Er hob aber «höchste Standards» für Datenschutz und Datensicherheit

hervor. Spahn will nach jahrelangem Gezerre um mehr Funktionen der
elektronischen Gesundheitskarte Tempo bei der Digitalisierung machen.
Linke-Gesundheitsexperte Achim Kessler nannte es ein Armutszeugnis
für Spahn, dass Kelber eine «Notbremse» ziehen müsse. So wie geplan
t,
widerspreche die E-Akte dem Anspruch an Patientensouveränität.

Kelber will auch mit Blick auf die IT-Sicherheit einschreiten -
zunächst per Warnung an die Kassen. Nach dem 1. Januar 2021 will er
sie dann anweisen, bis spätestens 30. April 2021 ein «hoch» sicheres

Verfahren anzubieten, mit dem man sich für eine berechtigte Nutzung
anmelden kann. Die vorgesehenen Authentifizierungsverfahren seien
«aus Datenschutzsicht nicht ausreichend sicher» und entsprächen nicht

den DSGVO-Vorgaben, hatte er im August erläutert.
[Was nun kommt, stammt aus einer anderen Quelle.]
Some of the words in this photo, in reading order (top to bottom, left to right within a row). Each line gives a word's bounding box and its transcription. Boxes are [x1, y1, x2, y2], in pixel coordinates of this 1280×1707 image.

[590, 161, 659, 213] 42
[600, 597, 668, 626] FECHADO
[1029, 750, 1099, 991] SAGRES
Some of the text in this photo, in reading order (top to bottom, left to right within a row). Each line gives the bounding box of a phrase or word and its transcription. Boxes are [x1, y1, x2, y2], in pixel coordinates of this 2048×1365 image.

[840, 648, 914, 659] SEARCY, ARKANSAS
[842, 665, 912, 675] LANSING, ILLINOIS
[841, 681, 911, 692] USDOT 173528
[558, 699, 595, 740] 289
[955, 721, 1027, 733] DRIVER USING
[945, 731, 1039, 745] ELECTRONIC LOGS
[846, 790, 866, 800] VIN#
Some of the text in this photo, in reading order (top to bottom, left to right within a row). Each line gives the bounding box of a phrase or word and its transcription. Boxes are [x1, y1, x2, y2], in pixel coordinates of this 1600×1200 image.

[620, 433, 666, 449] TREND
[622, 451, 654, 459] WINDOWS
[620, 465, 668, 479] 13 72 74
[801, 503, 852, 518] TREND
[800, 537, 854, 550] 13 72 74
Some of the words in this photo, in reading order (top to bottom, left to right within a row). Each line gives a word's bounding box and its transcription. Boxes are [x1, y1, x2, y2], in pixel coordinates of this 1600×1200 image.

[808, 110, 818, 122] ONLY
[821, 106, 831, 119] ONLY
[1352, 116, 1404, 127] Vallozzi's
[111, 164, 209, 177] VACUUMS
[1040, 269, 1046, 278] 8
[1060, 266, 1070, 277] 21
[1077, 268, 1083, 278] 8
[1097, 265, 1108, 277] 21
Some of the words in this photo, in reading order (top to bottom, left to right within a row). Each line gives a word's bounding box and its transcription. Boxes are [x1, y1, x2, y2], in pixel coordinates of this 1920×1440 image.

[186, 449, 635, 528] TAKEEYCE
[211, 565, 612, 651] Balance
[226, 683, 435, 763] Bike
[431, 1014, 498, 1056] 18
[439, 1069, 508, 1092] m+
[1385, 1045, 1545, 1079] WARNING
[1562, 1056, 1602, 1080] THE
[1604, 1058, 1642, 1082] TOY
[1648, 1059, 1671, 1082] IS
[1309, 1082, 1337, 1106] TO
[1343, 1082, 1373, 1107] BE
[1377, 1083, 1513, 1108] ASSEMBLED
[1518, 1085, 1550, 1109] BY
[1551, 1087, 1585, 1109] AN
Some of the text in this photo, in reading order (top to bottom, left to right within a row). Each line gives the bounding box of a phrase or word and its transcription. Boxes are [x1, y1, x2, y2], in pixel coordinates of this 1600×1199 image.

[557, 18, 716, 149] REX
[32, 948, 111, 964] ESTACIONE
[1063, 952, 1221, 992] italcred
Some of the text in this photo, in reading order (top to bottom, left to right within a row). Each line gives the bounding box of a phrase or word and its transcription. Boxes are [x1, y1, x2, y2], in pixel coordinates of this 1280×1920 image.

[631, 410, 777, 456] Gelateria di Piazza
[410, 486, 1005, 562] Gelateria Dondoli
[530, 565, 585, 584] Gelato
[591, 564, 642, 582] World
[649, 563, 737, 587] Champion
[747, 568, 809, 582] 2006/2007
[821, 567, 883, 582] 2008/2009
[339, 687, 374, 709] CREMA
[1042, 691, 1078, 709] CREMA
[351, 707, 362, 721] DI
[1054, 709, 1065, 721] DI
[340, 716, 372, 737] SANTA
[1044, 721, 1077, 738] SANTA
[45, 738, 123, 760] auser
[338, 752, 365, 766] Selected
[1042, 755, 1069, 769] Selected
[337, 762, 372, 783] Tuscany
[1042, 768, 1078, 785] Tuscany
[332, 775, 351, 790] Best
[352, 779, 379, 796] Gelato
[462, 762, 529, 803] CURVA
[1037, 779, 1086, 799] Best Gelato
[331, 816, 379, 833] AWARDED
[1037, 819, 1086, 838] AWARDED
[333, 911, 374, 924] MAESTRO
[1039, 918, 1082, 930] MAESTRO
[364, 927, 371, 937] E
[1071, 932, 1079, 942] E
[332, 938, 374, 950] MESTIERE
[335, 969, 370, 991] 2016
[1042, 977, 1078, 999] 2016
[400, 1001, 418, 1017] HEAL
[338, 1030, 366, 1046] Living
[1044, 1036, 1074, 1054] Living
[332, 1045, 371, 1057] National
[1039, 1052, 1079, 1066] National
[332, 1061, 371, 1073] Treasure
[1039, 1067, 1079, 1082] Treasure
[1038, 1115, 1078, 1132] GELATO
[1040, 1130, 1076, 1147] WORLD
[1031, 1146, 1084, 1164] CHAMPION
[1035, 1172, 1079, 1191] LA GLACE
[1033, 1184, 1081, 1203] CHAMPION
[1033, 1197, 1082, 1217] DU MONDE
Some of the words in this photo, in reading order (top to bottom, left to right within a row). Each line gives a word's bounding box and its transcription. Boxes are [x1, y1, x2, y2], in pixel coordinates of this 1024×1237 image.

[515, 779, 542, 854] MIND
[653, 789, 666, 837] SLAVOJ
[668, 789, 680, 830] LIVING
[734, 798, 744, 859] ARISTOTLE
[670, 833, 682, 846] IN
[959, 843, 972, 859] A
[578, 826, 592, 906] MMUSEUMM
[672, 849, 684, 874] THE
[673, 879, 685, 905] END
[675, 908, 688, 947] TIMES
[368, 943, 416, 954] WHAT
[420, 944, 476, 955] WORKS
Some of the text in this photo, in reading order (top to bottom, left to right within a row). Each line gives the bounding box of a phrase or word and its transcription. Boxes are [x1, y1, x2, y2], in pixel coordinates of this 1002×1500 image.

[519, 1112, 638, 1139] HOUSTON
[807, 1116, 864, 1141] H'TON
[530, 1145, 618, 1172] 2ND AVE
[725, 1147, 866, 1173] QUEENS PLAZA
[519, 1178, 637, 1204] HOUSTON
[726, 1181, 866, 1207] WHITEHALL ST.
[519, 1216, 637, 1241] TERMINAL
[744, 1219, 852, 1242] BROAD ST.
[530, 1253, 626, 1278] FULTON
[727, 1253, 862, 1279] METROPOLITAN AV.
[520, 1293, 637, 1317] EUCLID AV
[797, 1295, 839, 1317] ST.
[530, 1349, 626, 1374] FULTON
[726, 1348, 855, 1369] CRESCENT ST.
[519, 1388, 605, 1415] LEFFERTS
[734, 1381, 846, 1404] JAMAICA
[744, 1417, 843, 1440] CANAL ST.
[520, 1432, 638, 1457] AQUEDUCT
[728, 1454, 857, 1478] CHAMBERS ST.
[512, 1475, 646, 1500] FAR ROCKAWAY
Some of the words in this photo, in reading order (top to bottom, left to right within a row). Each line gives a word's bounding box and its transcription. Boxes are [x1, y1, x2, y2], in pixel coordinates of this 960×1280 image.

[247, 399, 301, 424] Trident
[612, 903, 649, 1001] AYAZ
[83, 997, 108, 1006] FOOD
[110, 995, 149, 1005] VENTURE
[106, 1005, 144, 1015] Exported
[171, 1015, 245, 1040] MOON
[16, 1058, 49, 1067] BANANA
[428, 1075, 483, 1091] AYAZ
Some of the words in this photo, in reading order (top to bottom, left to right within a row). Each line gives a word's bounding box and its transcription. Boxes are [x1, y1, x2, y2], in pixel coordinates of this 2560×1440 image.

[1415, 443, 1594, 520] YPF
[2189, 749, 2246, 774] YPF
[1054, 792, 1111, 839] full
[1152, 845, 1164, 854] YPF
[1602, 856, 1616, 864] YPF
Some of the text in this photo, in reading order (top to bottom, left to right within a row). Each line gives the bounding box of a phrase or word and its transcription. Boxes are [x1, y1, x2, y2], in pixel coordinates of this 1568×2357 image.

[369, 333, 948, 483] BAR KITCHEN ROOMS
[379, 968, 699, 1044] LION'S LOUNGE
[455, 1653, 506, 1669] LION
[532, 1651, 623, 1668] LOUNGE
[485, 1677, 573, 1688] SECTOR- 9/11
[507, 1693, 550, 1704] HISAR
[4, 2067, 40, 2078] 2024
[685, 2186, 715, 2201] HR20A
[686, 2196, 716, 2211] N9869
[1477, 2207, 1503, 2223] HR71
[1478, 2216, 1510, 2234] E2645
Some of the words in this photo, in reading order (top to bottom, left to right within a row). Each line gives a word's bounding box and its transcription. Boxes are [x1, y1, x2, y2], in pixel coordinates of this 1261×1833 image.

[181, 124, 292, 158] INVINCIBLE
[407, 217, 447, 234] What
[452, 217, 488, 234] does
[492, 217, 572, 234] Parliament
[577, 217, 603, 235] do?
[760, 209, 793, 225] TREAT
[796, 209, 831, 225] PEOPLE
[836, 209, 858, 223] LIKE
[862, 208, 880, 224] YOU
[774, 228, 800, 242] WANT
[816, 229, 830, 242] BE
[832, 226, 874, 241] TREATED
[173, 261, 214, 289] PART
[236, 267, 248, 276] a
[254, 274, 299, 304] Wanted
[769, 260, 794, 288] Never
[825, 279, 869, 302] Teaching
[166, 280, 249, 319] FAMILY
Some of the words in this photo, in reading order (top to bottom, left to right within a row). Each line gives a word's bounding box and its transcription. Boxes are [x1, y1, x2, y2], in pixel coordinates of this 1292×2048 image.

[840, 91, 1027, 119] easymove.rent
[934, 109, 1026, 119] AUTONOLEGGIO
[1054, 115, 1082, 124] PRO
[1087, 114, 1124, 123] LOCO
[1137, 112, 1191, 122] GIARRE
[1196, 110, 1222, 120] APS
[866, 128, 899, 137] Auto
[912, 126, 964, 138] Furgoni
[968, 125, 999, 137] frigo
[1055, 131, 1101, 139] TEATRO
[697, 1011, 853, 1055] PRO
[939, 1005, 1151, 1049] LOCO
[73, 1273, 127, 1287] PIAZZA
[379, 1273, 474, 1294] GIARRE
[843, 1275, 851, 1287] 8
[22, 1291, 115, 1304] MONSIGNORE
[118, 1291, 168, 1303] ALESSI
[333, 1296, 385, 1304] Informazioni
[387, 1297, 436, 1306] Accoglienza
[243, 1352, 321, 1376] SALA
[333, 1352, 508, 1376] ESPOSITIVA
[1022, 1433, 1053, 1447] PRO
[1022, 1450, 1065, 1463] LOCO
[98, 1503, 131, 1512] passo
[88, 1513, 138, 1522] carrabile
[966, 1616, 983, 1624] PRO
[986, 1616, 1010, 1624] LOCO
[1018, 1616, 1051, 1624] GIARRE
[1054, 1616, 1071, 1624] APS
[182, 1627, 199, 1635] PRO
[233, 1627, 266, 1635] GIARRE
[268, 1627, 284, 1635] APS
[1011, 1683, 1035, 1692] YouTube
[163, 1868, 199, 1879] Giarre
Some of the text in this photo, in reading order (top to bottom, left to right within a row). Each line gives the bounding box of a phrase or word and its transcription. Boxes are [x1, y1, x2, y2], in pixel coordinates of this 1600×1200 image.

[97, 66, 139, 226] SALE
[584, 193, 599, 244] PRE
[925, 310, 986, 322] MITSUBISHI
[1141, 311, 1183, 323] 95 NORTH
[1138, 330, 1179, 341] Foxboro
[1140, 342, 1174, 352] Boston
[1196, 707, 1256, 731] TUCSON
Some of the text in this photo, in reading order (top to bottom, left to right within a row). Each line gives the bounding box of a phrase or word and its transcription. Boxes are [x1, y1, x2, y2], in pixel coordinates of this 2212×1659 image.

Kelber betonte, er unterstütze ausdrücklich die Digitalisierung des
Gesundheitswesens. «Sie bietet riesige Chancen für uns alle.» Dies
müsse aber auf Grundlage der DSGVO geschehen. Daher laute seine
Forderung: «Eine sichere elektronische Patientenakte für alle, bei
der man seine Daten voll im Griff hat.» Im aktuellen Fall sehe er,
dass die gesetzlichen Krankenkassen in einer «besonderen Situation»
seien: «Sie sollen die Gesetze umsetzen, setzen sich damit aber in
Widerspruch zum europäischen Recht.» Daher würde er sich ein
festgeschriebenes Recht als Bundesdatenschutzbeauftragter wünschen,
nationale Normen bei vermuteter Europarechtswidrigkeit dem
Europäischen Gerichtshof (EuGH) vorlegen zu können.